10     Management of business continuity:
  1. Failure recovery procedures (e.g. backup and recovery plans for computer equipment, telecommunications equipment, power systems, databases, and computer operating systems) shall be clearly formulated and provided in a printed manual.
  2. Failure recovery procedures shall be tested periodically; after testing, a review meeting shall be convened to consider ways to improve shortcomings and a record of the proceedings shall be retained.
  3. Futures brokers shall have backup measures in place for their trading servers.
  4. The company is advised to formulate a business continuity plan (covering such matters as activation conditions, participating personnel, emergency response procedures, backup procedures, maintenance schedules, education and training, descriptions of job duties, response plans of outside entities with which the company does business, and contract suitability) and the maintenance measures necessary for the plan, and to prescribe the key operations and related impact analyses.
  5. The company shall adopt an information security reporting mechanism (e.g. formal reporting procedures and contact persons for information security incident reports), and is advised to take appropriate corrective procedures for information securities incidents relating to its information system and to retain related records.
  6. If the company experiences any information security event such as theft, alteration, damage, loss, or disclosure of personal information, it shall immediately report by official letter to the Taiwan Futures Exchange, which shall forward the report to the competent authority.

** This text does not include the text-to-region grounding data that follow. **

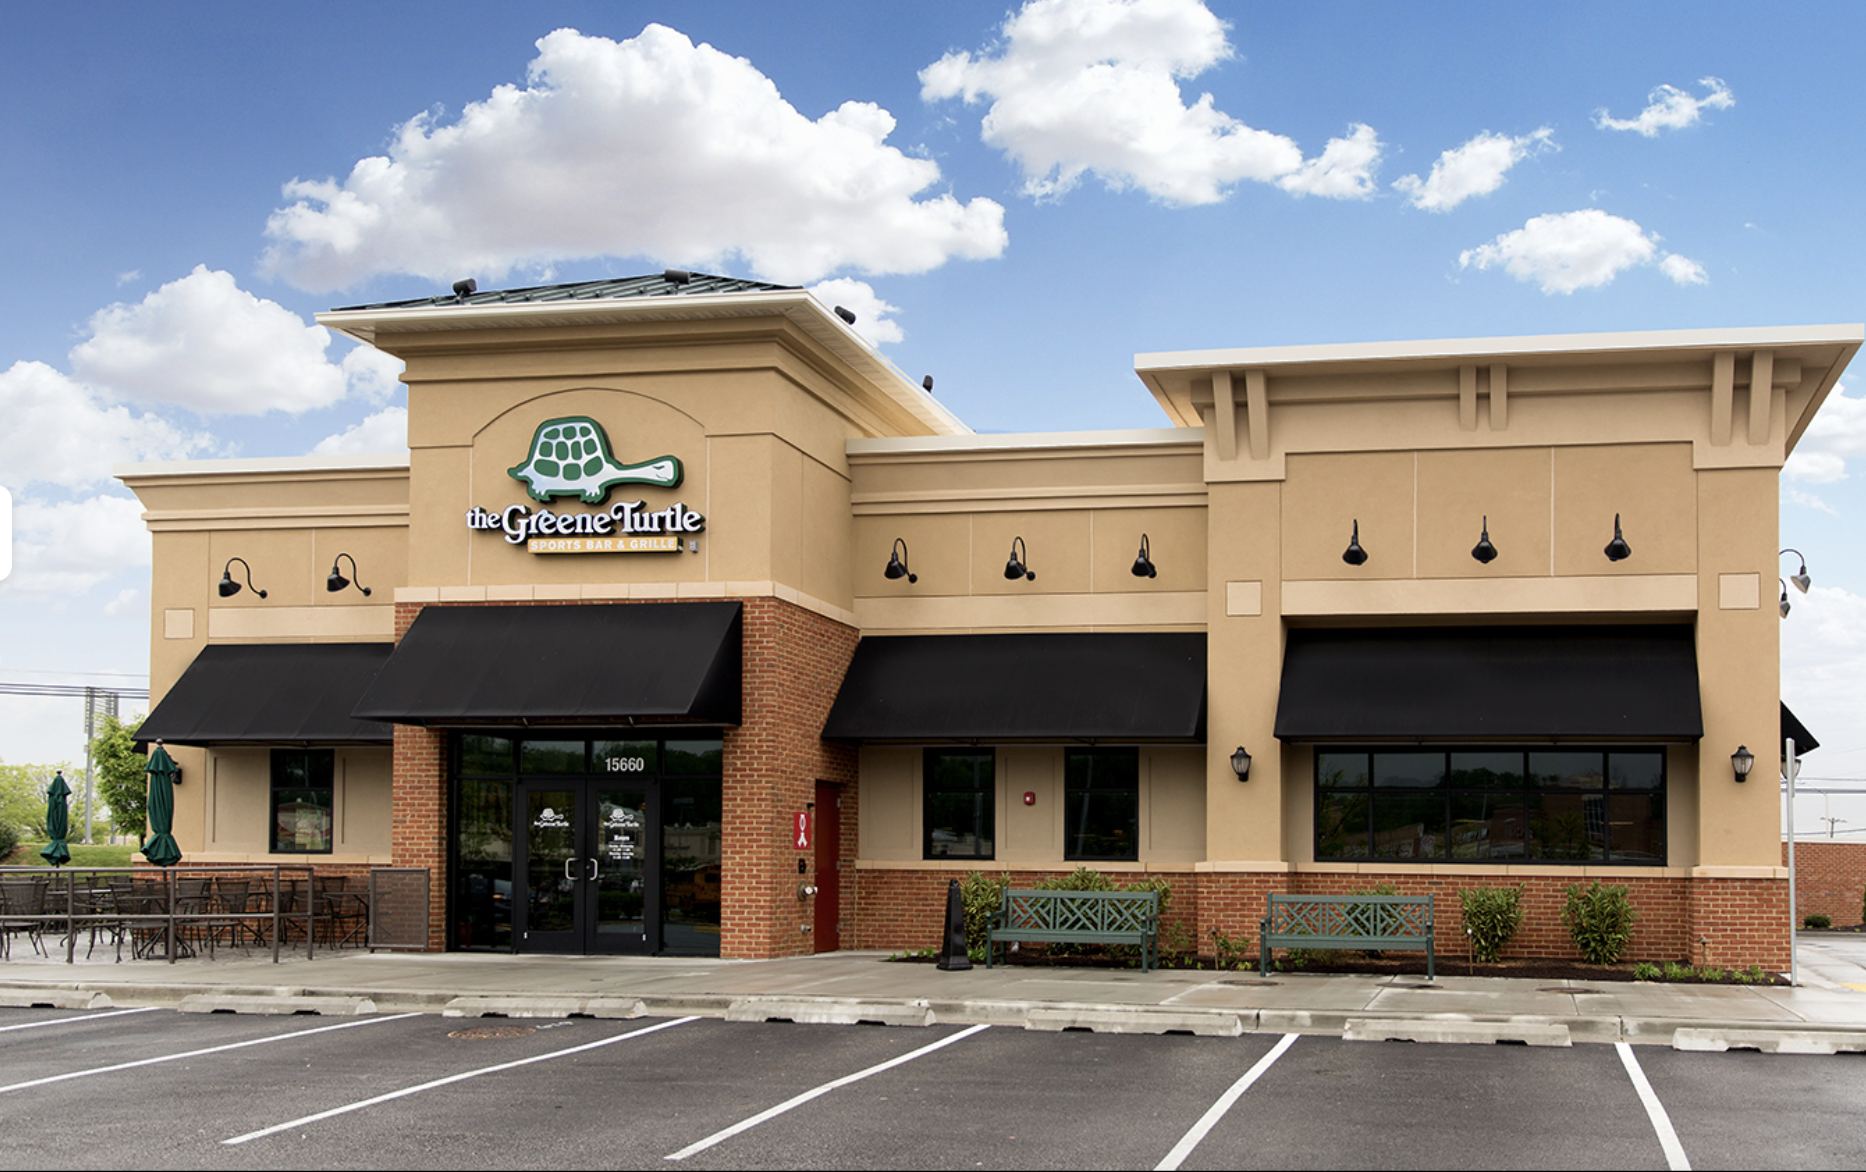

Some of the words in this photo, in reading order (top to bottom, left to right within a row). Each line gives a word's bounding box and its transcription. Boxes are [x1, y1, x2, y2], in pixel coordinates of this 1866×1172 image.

[465, 506, 501, 529] the
[502, 504, 614, 544] Greene
[610, 499, 703, 532] Turtle
[530, 539, 582, 551] SPORTS
[586, 539, 612, 550] BAR
[616, 539, 625, 550] &
[629, 538, 676, 550] GRILLE
[605, 757, 645, 772] 15660

  7. The company shall clearly formulate operational procedures for defending against and responding to distributed denial-of-service (DDoS) attacks.
11     Compliance:
  1. A company shall regularly (at least annually) carry out an information security audit (either in-house or outsourced to an outside professional organization) and keep an audit log.
  2. Does the company monitor corrective action taken in response to the aforementioned information security audits (including audit summaries, scope of audits, description of deficiencies, and recommendations for improvement)?

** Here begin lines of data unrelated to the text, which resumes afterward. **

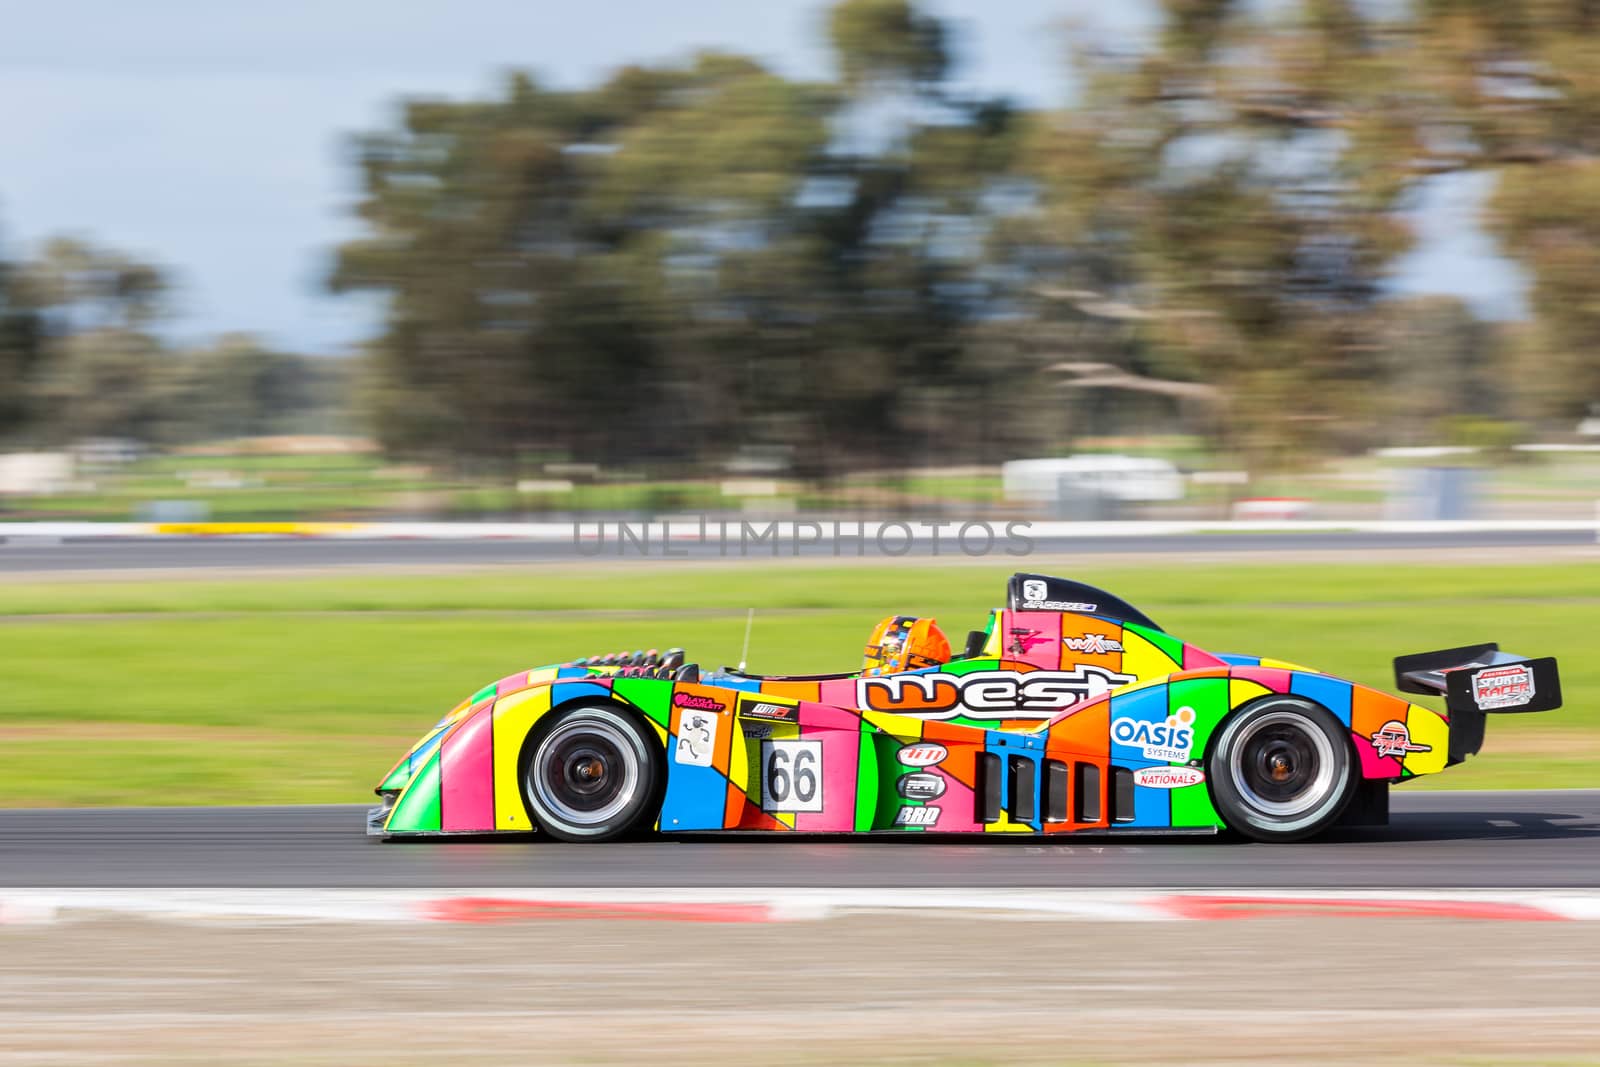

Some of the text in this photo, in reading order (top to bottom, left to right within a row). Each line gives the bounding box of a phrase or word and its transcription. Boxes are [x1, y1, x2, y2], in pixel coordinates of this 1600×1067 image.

[1478, 673, 1529, 689] SPORTS
[1478, 683, 1530, 698] RACER
[1115, 721, 1190, 750] OASIS
[1147, 747, 1186, 760] SYSTEMS
[767, 748, 817, 803] 66
[1140, 774, 1197, 785] NATIONALS
[895, 805, 940, 825] BRD
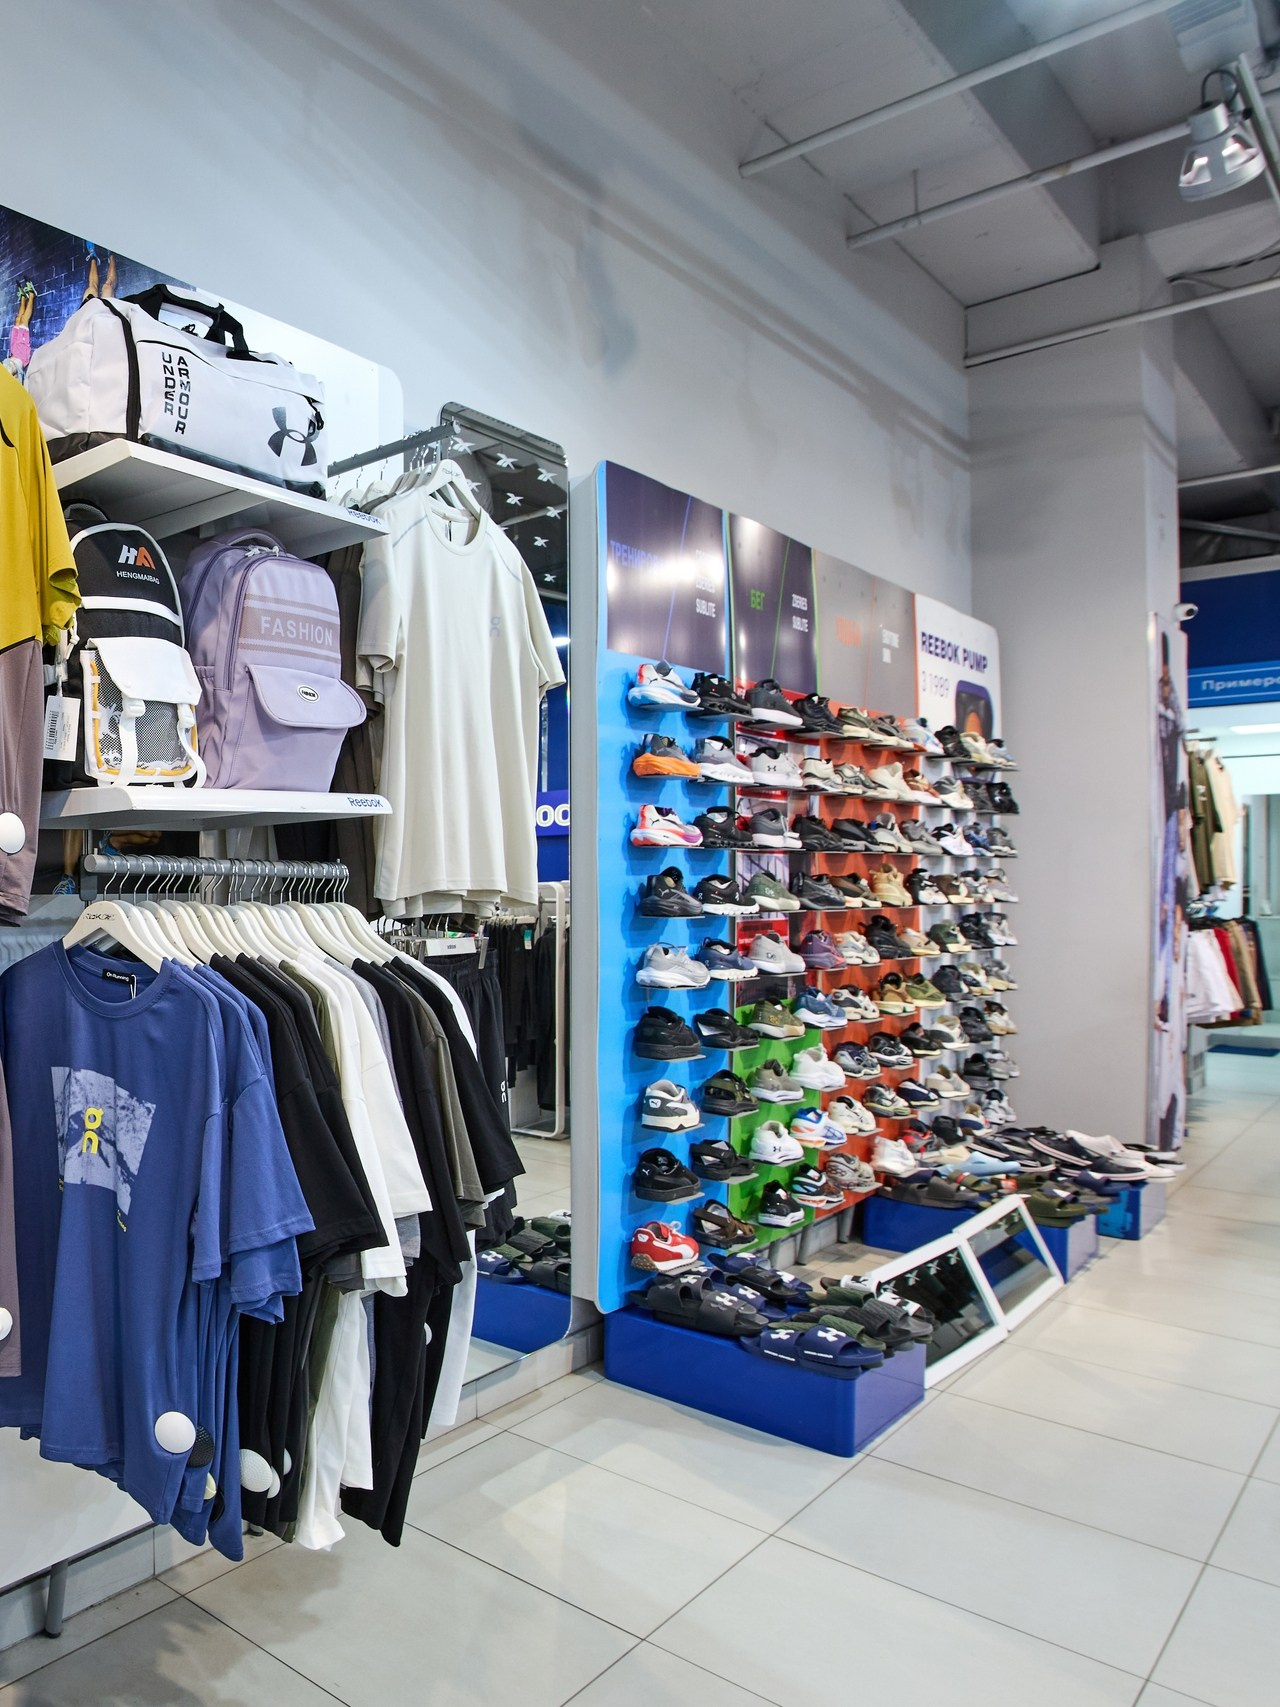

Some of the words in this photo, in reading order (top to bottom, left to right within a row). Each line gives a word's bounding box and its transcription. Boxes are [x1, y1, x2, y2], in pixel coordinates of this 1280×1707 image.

[161, 351, 176, 416] UNDER
[175, 355, 191, 435] ARMOUR
[261, 615, 334, 647] FASHION
[921, 631, 961, 665] REEBOK
[963, 647, 988, 674] PUMP
[347, 796, 384, 808] Reebok

12     Other: Provision of information:
  1. All important laws, regulations, bylaws, and notices shall be promptly posted on a public bulletin board.
  2. A dedicated bidding terminal may not be installed in a reading room.
  3. Real-time futures and options trading data posted on the company's website shall be provided by a data company that has entered into a contract with the Taiwan Futures Exchange.
  4. Information provided to the public on the company's website shall be inspected regularly, and information that is confidential or sensitive shall be promptly removed.